Material shown: Begin
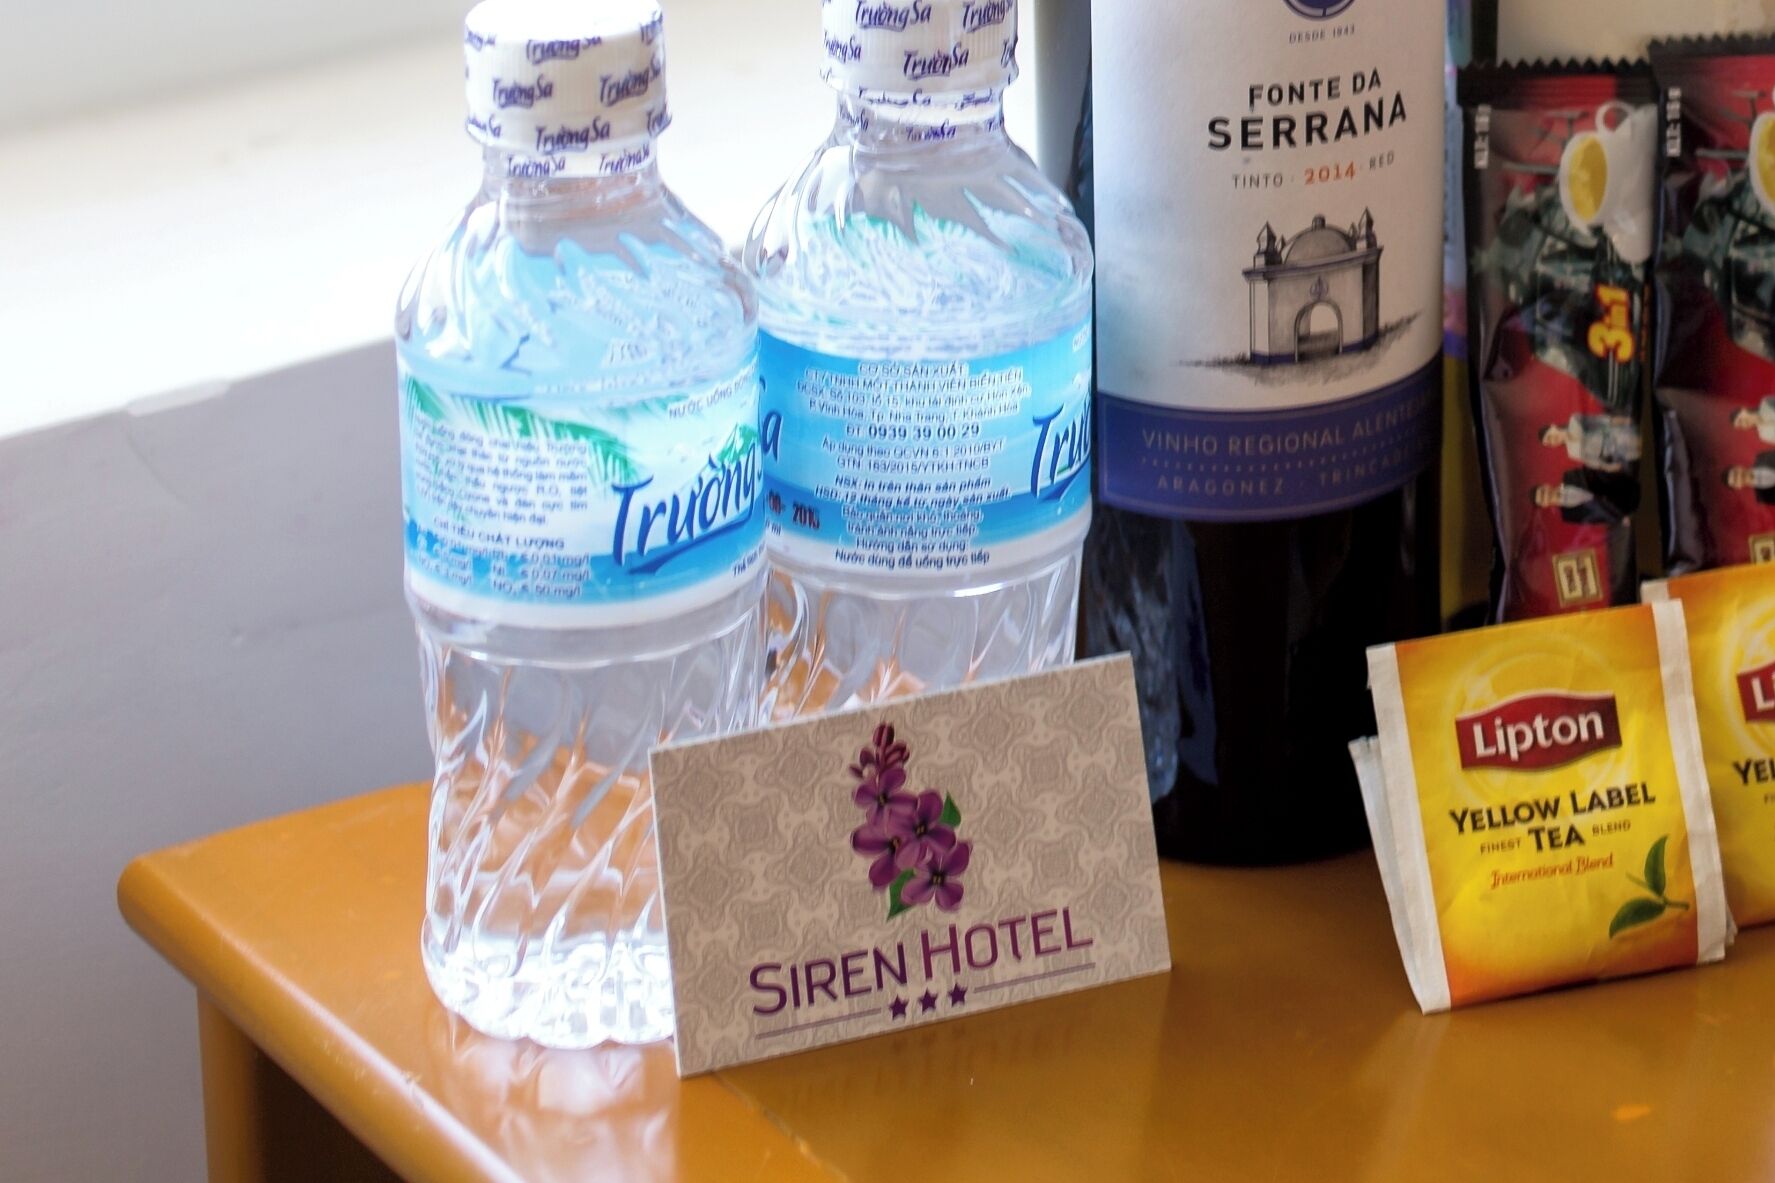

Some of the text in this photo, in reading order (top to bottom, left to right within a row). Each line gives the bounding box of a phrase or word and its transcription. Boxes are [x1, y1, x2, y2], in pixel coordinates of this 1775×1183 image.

[951, 41, 969, 67] Sa
[1289, 29, 1326, 44] DESDE
[535, 74, 554, 100] Sa
[1249, 67, 1382, 111] FONTE DA
[535, 116, 611, 153] Trường Sa
[1208, 91, 1407, 151] SERRANA
[1231, 150, 1395, 190] TINTO 2014 RED
[868, 425, 907, 439] 0939
[912, 426, 932, 440] 39
[937, 425, 956, 439] 00
[961, 423, 980, 438] 29
[1141, 425, 1345, 457] VINHO REGIONAL
[611, 442, 763, 566] Trường
[1157, 474, 1285, 497] ARAGONEZ
[835, 548, 866, 563] Nước
[867, 552, 895, 570] dùng
[915, 551, 944, 569] uống
[970, 548, 990, 564] tiếp
[1472, 711, 1605, 762] Lipton
[1449, 782, 1656, 834] YELLOW LABEL
[1480, 819, 1632, 855] FINEST TEA BLEND
[1491, 852, 1614, 890] International Blend
[750, 907, 1094, 1015] SIREN HOTEL
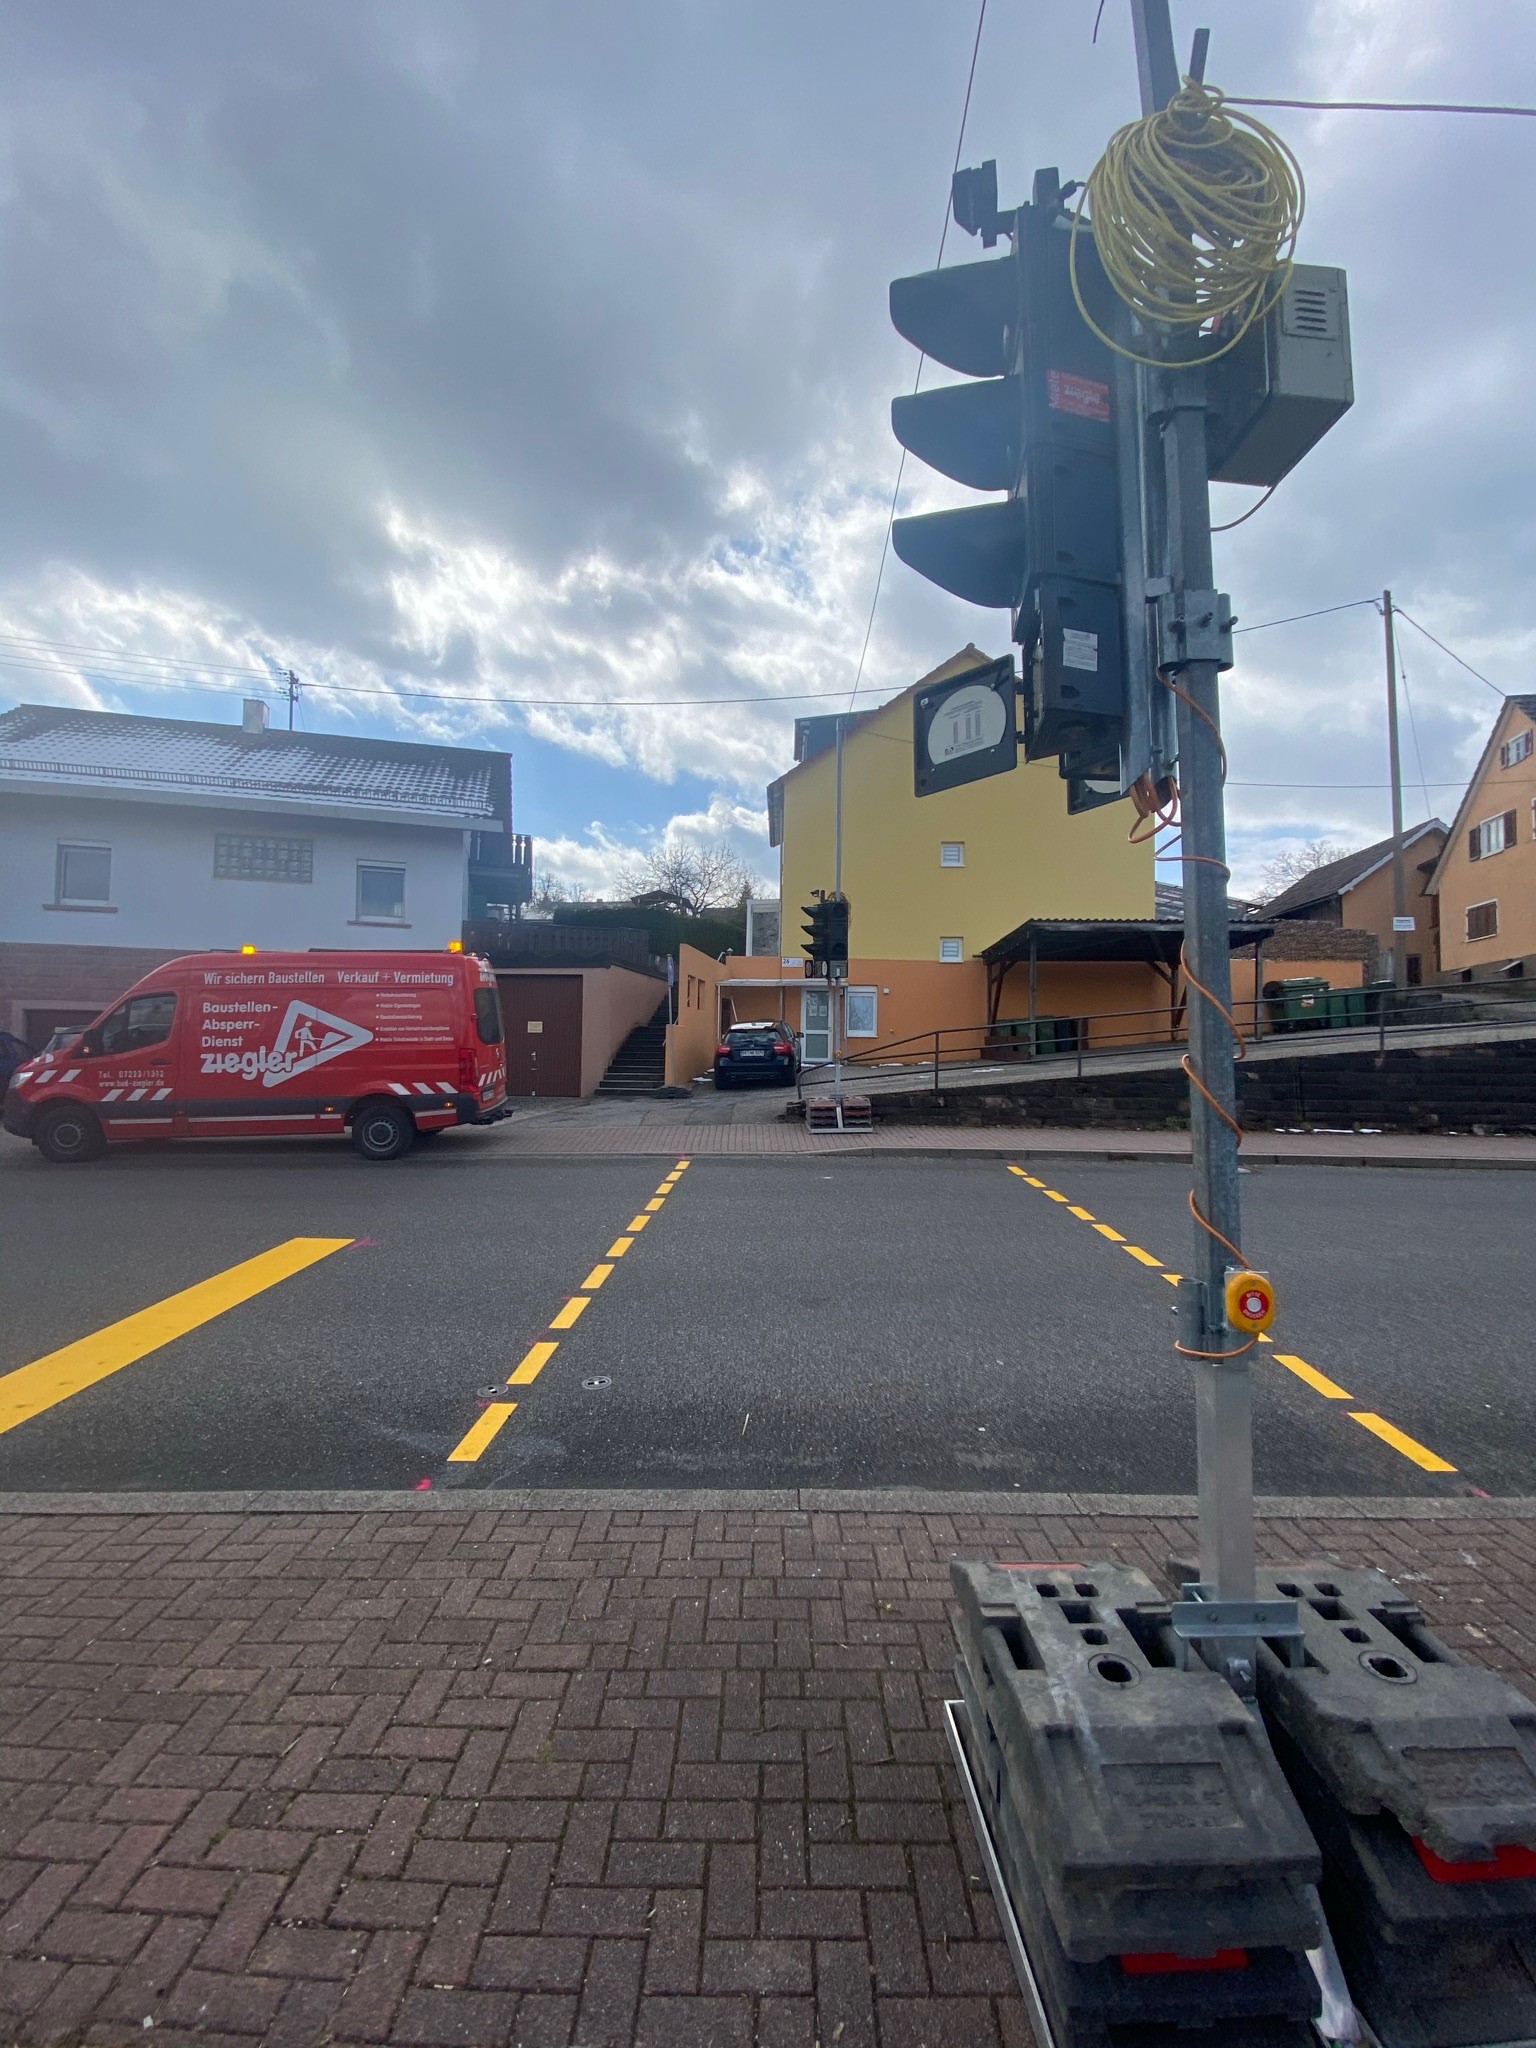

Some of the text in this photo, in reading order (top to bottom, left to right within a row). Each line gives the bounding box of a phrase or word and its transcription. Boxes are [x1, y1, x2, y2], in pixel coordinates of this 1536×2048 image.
Material shown: End
** Task details **
Output each record above exactly as written. Skip any pictures.

** Task response **
Some of the text in this photo, in reading order (top to bottom, left to right within a row). Each line gives the bounding box of a phrase or word and its transcription. Boxes are [x1, y1, x2, y2], in pixel coordinates of this 1775×1183 image.

[951, 41, 969, 67] Sa
[1289, 29, 1326, 44] DESDE
[535, 74, 554, 100] Sa
[1249, 67, 1382, 111] FONTE DA
[535, 116, 611, 153] Trường Sa
[1208, 91, 1407, 151] SERRANA
[1231, 150, 1395, 190] TINTO 2014 RED
[868, 425, 907, 439] 0939
[912, 426, 932, 440] 39
[937, 425, 956, 439] 00
[961, 423, 980, 438] 29
[1141, 425, 1345, 457] VINHO REGIONAL
[611, 442, 763, 566] Trường
[1157, 474, 1285, 497] ARAGONEZ
[835, 548, 866, 563] Nước
[867, 552, 895, 570] dùng
[915, 551, 944, 569] uống
[970, 548, 990, 564] tiếp
[1472, 711, 1605, 762] Lipton
[1449, 782, 1656, 834] YELLOW LABEL
[1480, 819, 1632, 855] FINEST TEA BLEND
[1491, 852, 1614, 890] International Blend
[750, 907, 1094, 1015] SIREN HOTEL

Some of the text in this photo, in reading order (top to bottom, left to right within a row). Each line gives the bounding box of a phrase or word and its transcription. Boxes are [x1, y1, x2, y2], in pixel coordinates of this 1536×2048 image.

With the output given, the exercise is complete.